EXERCISE GOAL: A faithful copy is required: transcribe each line below exactly, minus the pictures.

PROVIDED RECORDS:
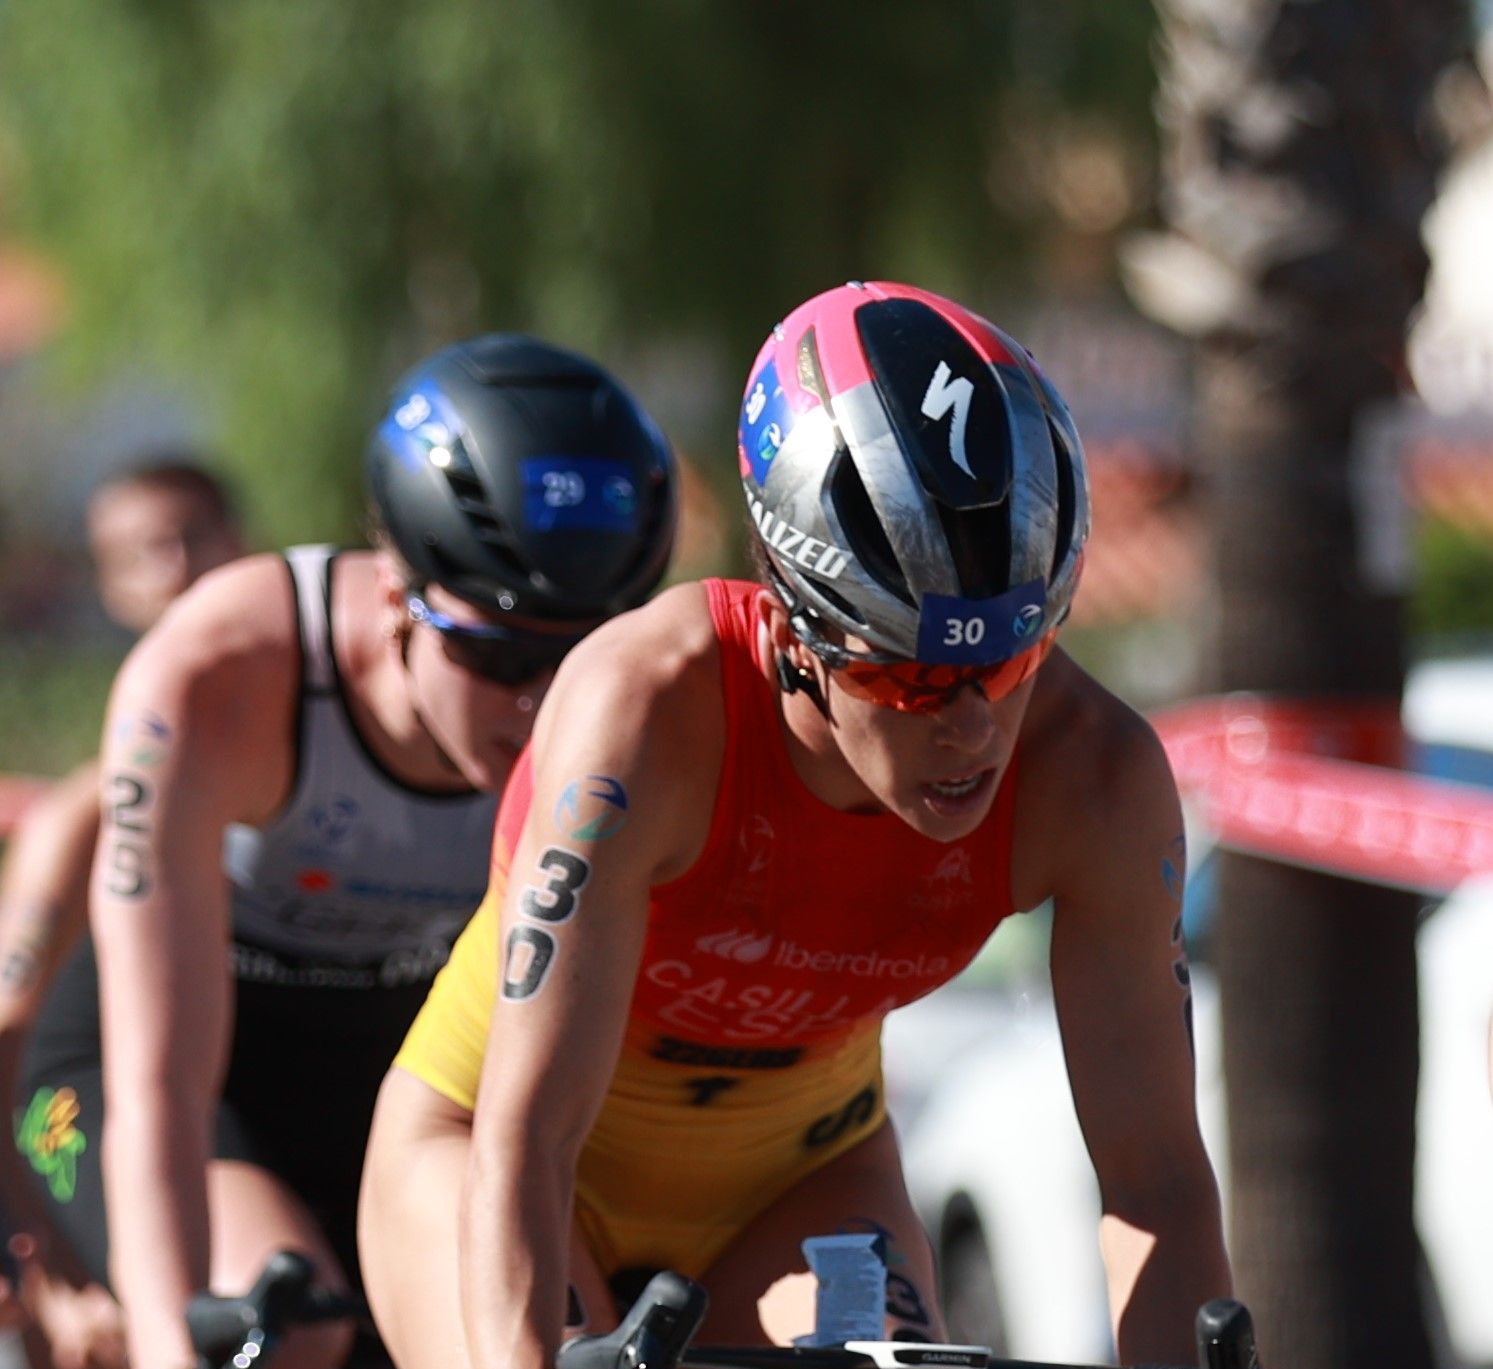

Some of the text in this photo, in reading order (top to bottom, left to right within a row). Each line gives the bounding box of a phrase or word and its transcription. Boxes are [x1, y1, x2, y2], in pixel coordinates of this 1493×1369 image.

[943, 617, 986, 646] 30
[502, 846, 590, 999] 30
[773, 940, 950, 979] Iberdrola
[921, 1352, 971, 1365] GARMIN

RESULT FOR THIS TASK:
Some of the text in this photo, in reading order (top to bottom, left to right within a row). Each line gives the bounding box of a phrase or word and its transcription. Boxes are [x1, y1, x2, y2], in pixel coordinates of this 1493×1369 image.

[943, 617, 986, 646] 30
[502, 846, 590, 999] 30
[773, 940, 950, 979] Iberdrola
[921, 1352, 971, 1365] GARMIN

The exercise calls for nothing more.